Annals of Pharmacotherapy ◽

10.1177/106002809302700108 ◽

1993 ◽

Vol 27 (1) ◽

pp. 36-37 ◽

Cited By ~ 18

Author(s):

Anthony E. Zimmermann ◽

Brian G. Katona ◽

Joginder S. Jodhka ◽

Richard B. Williams

Keyword(s):

Acute Pancreatitis ◽

Abdominal Pain ◽

Acute Abdominal Pain ◽

Signs And Symptoms ◽

Etiologic Agent ◽

Antibiotic Regimen ◽

Intravenous Injections ◽

Case Summary ◽

Catheter Sepsis ◽

History Of

OBJECTIVE: To report a case of probable ceftriaxone-induced acute pancreatitis. CASE SUMMARY: A patient with a history of short-bowel syndrome on home total parenteral nutrition developed fever, chills, and right flank pain. She was diagnosed with gram-negative catheter sepsis and prescribed antibiotic therapy to be administered for four weeks. After completion of the first week of therapy, the antibiotic regimen was changed to intravenous injections of ceftriaxone to be given daily at home.
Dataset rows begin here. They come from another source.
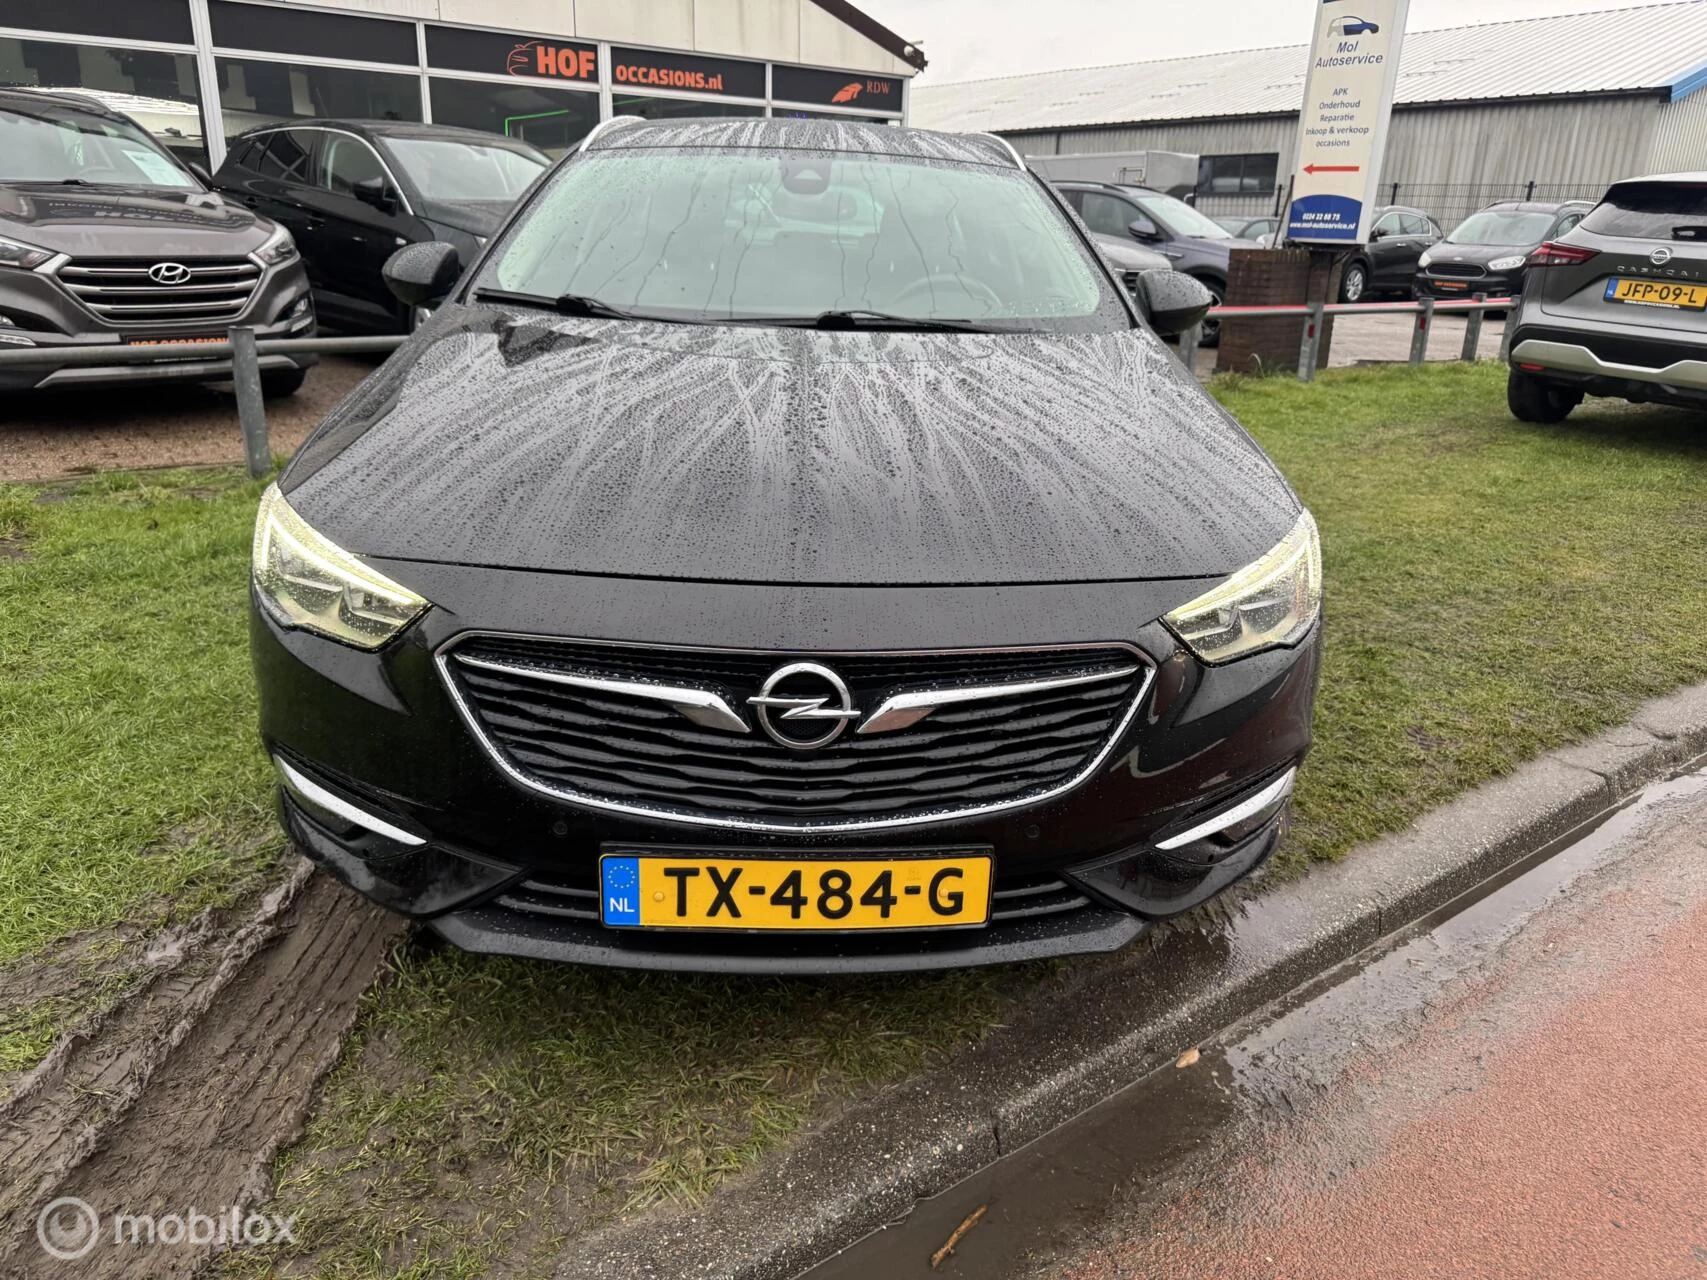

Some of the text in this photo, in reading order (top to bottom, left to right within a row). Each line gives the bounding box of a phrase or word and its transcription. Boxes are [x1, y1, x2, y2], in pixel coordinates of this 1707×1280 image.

[1336, 41, 1359, 54] Mol
[1315, 53, 1383, 68] Autoservice
[537, 45, 723, 90] HOF OCCASIONS.nl
[866, 81, 891, 94] RDW
[1333, 88, 1348, 96] APK
[1319, 100, 1361, 110] Onderhoud
[1320, 113, 1354, 123] Reparatie
[1306, 126, 1369, 136] Inkoop & verkoop
[1316, 139, 1350, 147] occasions
[1622, 283, 1697, 304] JFP-09-L
[609, 866, 964, 920] NL TX-484-G
Prior to discharge the patient developed acute abdominal pain, leukocytosis, jaundice, and markedly elevated lipase and amylase concentrations consistent with acute pancreatitis. The patient's condition improved upon discontinuation of the ceftriaxone and the remainder of her stay was uneventful. DISCUSSION: There is only one other case report in the literature of probable ceftriaxone-induced pancreatitis. Multiple other medications have been implicated in causing acute pancreatitis. The exact mechanism of this uncommon adverse effect of ceftriaxone is unknown. CONCLUSIONS: There was a temporal relationship between the development of this patient's signs and symptoms and the administration of ceftriaxone. We could not identify any other factors that may have been responsible for the development of her acute pancreatitis. Ceftriaxone should be considered as a possible etiologic agent in patients who present with acute abdominal pain and elevated lipase and amylase concentrations.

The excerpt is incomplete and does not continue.